My area i.e a single stretch of main road and buildings on either side was saved from inundation. But the Adyar river that had massively flooded was hardly 500 metres away. It is still unthinkable that water had actually grazed the bridge roads. The police had barricaded it and not allowed people to watch. One popular city hospital (2 minutes from my house), which was unfortunately (or foolishly) built on the lower banks failed to escape the wrath of the raging waters. With water flooding more than 2 floors and the critical patients shifted to top floors, one would have thought they were safe. But alas this problem coupled with power shutdown (apparently they did not have adequate and exclusive generators), took away the lives of some people. All the relatives of these patients suffered mental agony and shock when they were asked to collect the bodies from the government general hospital. Apart from this, there were some people who were stranded in the nearby IT parks for a day or two.

The main road that I mentioned above happens to be an important highway and therefore it was incredulous, when I saw on the morning of December 2nd, that it did not look anything like a highway. Moreover, it looked like a temporary parking lot. Indeed, I was reminded of a scene out of Walking Dead vividly! Ofcourse, there was also people around instead zombies. 

But it definitely looked like a scene out of a post-apocalyptic movie. I don’t know why I was reminded by that. Though I knew it would definitely not happen, one tiny part of my mind did come up with far-fetched imagery of Chennai submerging completely. Cargo trucks and tempo travellers were parked in large numbers. People were walking on the road in groups, apparently lost or shifting from their homes. All shops and restaurants closed their shutters. The scene remained the same next day except by then relief trucks with boats start arriving. Rescue missions had begun that day. My cousin brother along with his wife, made a good decision to come to our house, after their locality was under danger of more flooding. The next day, Friday, we heard army choppers flying. It was becoming more hopeful by the end of the week. Shops had also started functioning. Ofcourse, I am talking about only my locality. The rest of Chennai, in large parts, was still hampered by problems. 

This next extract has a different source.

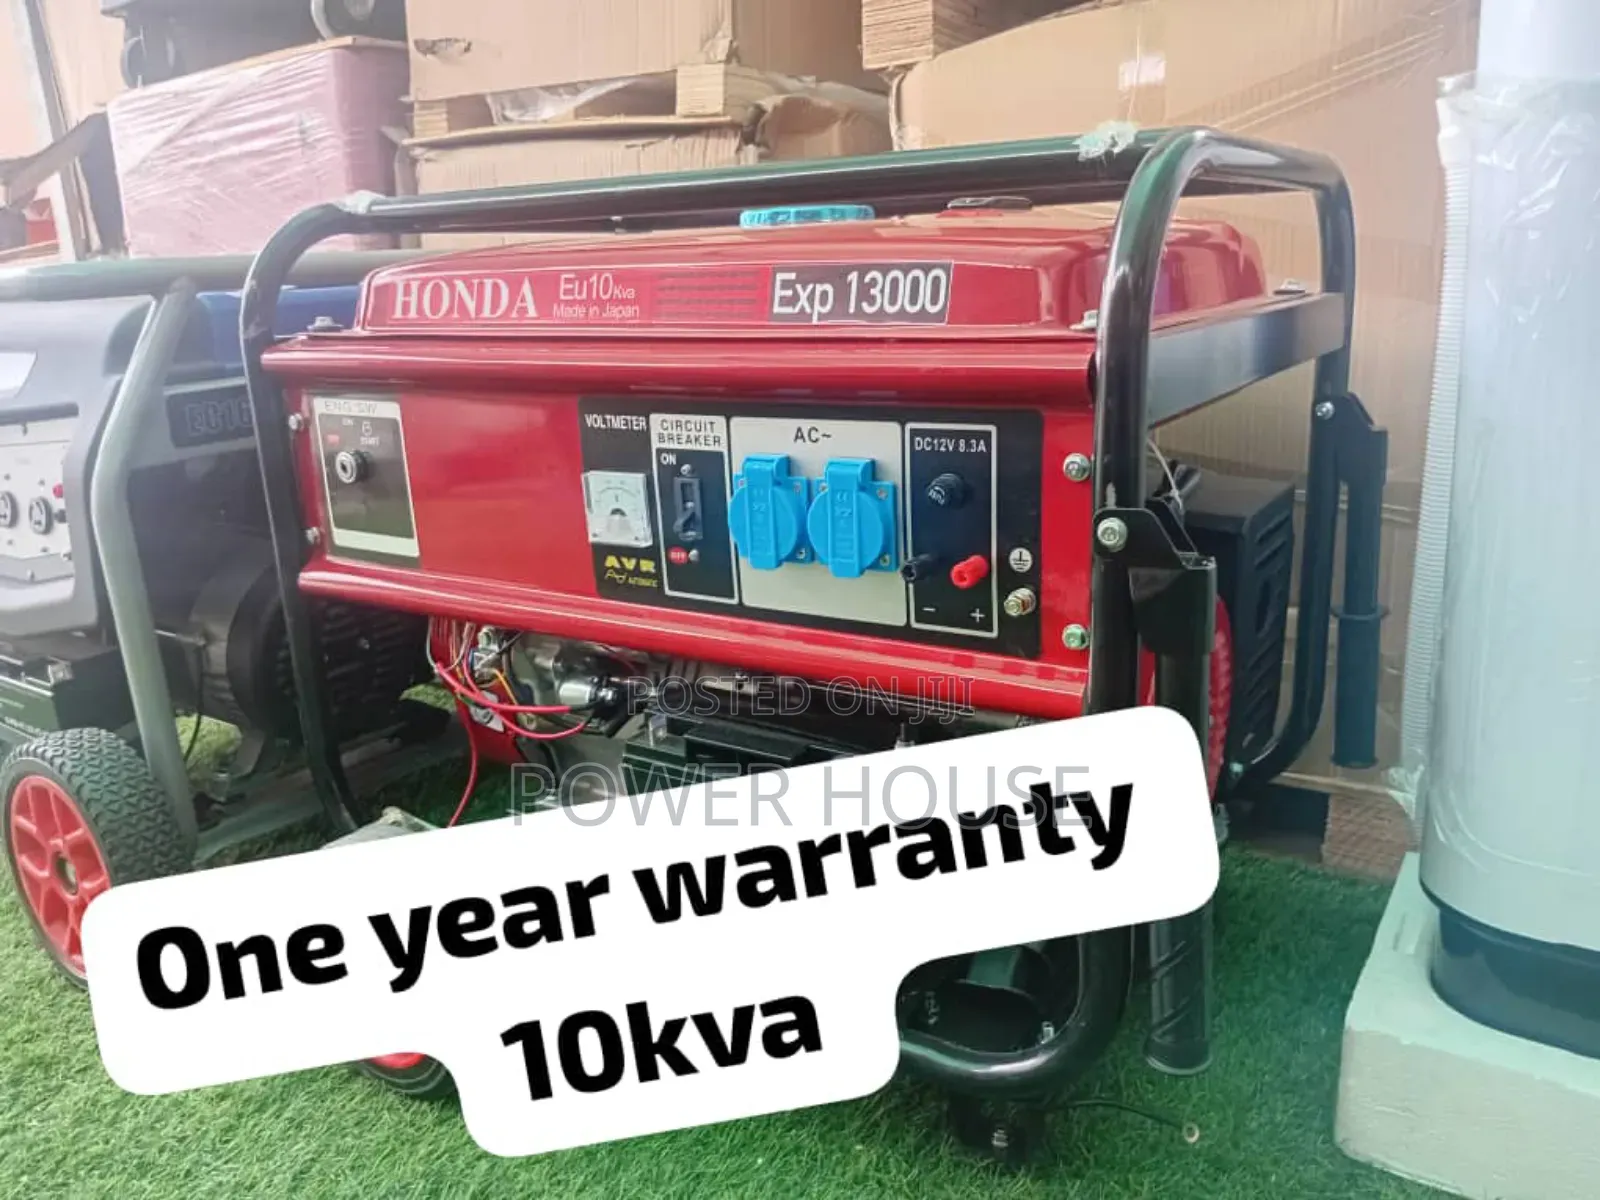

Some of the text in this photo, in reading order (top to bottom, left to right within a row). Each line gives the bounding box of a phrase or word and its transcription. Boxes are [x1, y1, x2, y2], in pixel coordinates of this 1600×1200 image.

We went through three nights without electricity. Suddenly the world seemed even darker and quieter. During the nights, we talked amongst ourselves. It was only then I realised with panic how fast time had passed away and how seemingly fast I have grown. I had almost forgotten that there was a thing called FM radio. There was still more than half juice in my mobile. From the dozen radio stations, only in one, RJs were constantly giving updates and acting as the Samaritan middlemen by giving SOS shout-outs. Rain was still playing a cruel game against us. The power was only restored on Saturday evening. When we switched on the television for the news, we were shocked by their coverage. The magnitude of the flood actually hit us only then. It is an irony and a slight shame that Chennai, known for its water scarcity, had waste water running on the roads. North Chennai is still in a very bad shape. 

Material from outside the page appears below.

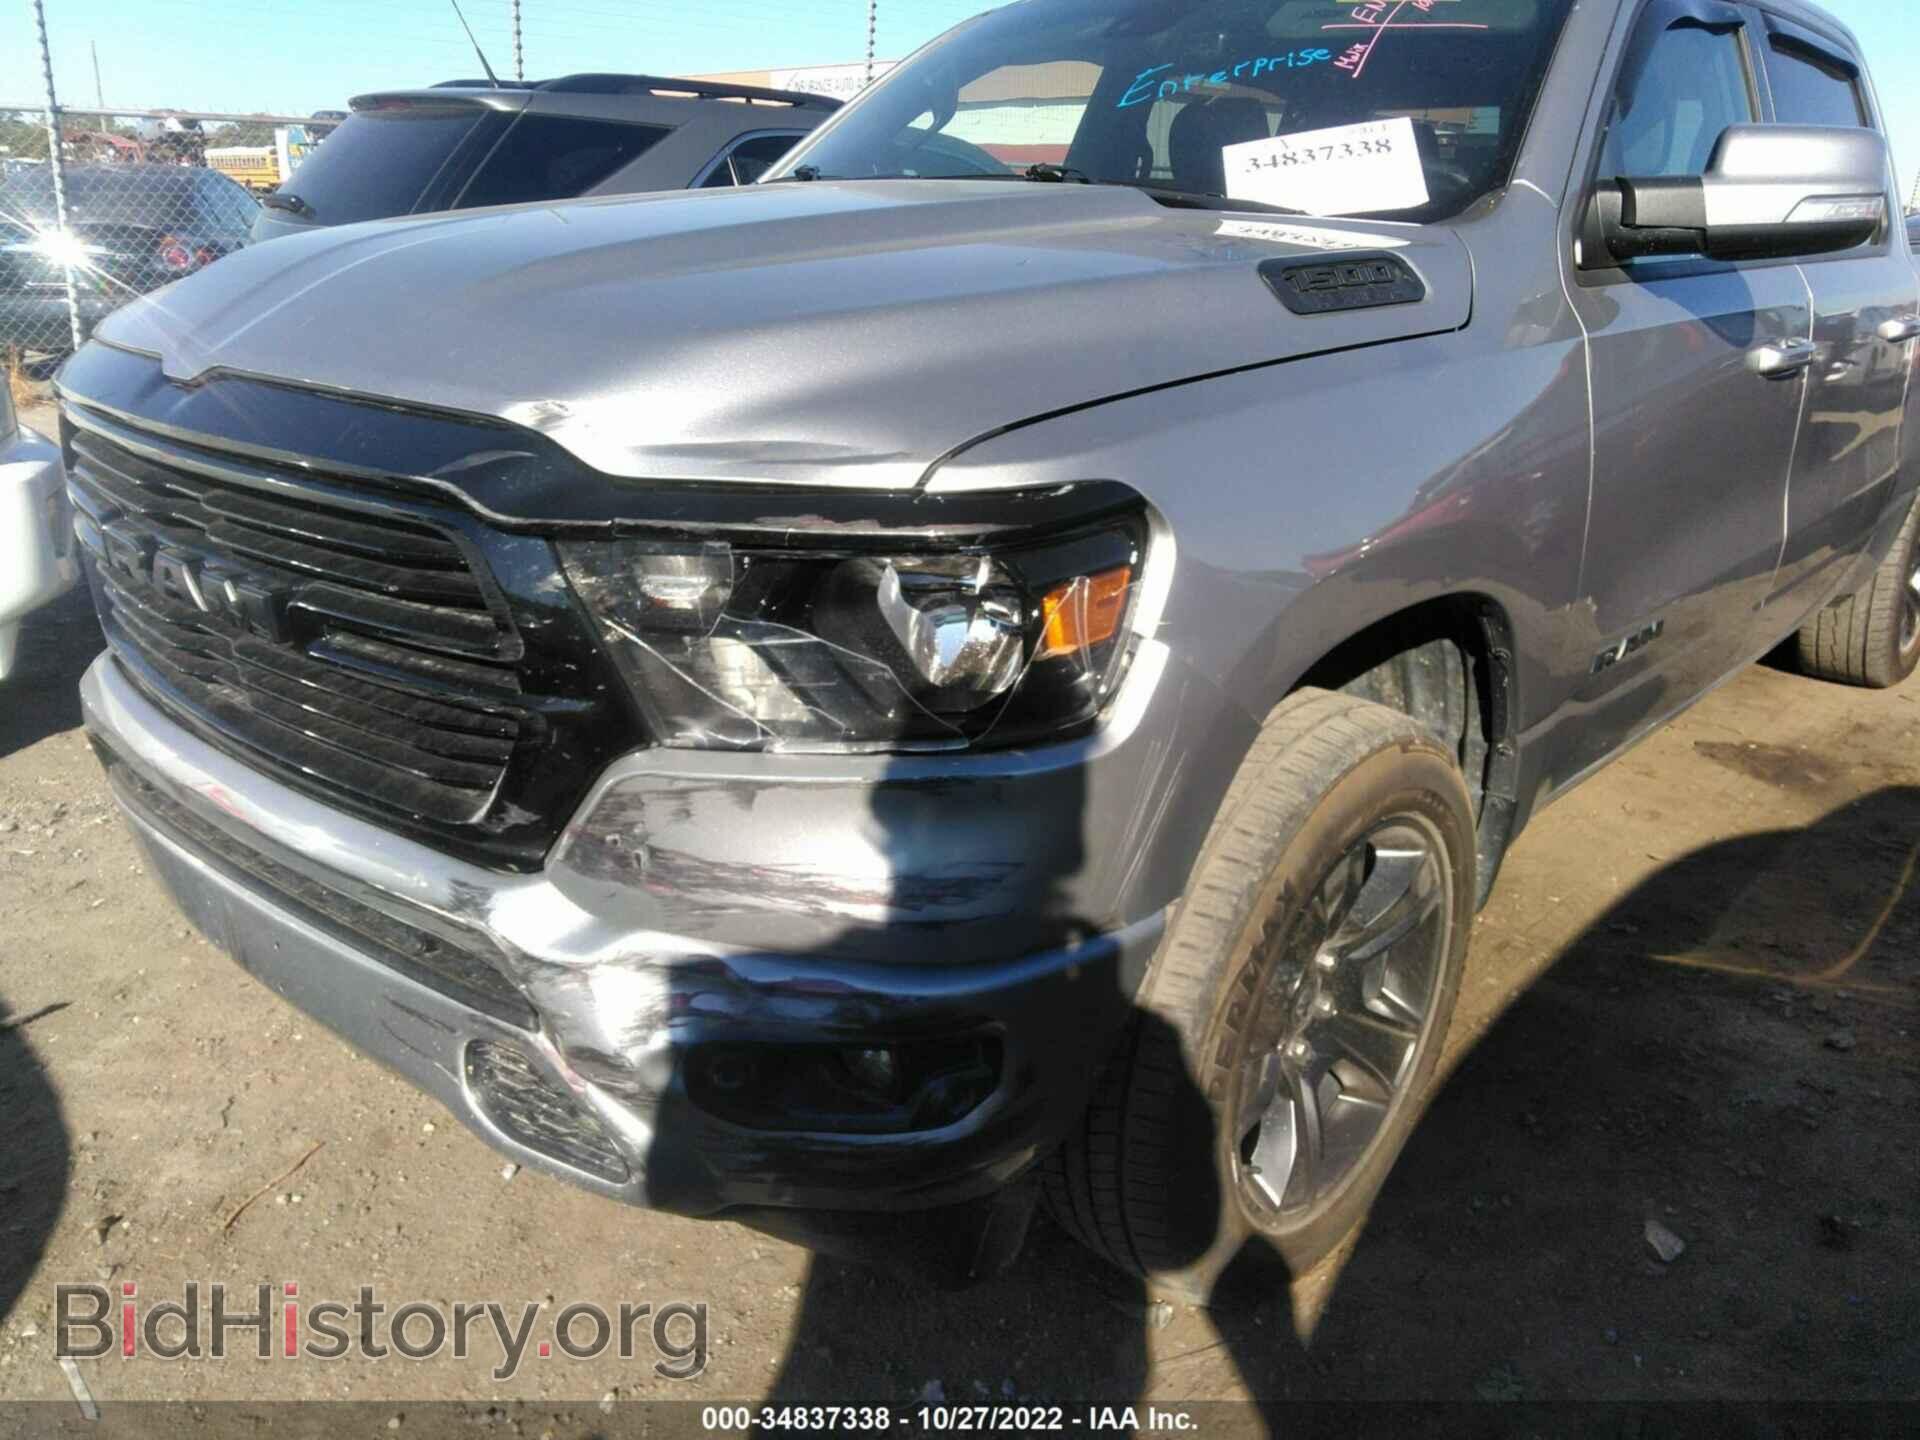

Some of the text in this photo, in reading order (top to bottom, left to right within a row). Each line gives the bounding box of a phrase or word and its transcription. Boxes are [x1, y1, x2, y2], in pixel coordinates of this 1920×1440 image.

[1245, 138, 1392, 173] 34837338
[1285, 263, 1396, 293] 1500
[101, 522, 290, 644] RAM

Yet, the worst has definitely passed now. Sunshine is returning after many (many in Chennai terms) days. Water is receding back steadily. Electricity is back, Communication is back, Transportation is back – Life is back and moving! There are sure, a lot of takeaways from this cruel crisis. It is in us whether we take them to heart and do whatever is needed to stop such a disaster to happen again. We cannot pretend anymore to be ignorant of the obvious loopholes that very much aggravated the problem, which it should not have, normally. And it is not like it is the first lesson (Uttarakhand 2013). I cannot help but think that there are more such shocking events about to occur. No use in lamenting then! We must not forget that nothing can overcome the wrath of Nature if we abuse it continuously. 
P.S: In this time of crisis, there was a lot of love in the air and the innate human spirit of helping came into being when the rest of the country, celebrities and the common man himself readily came forward to volunteer in relief operations.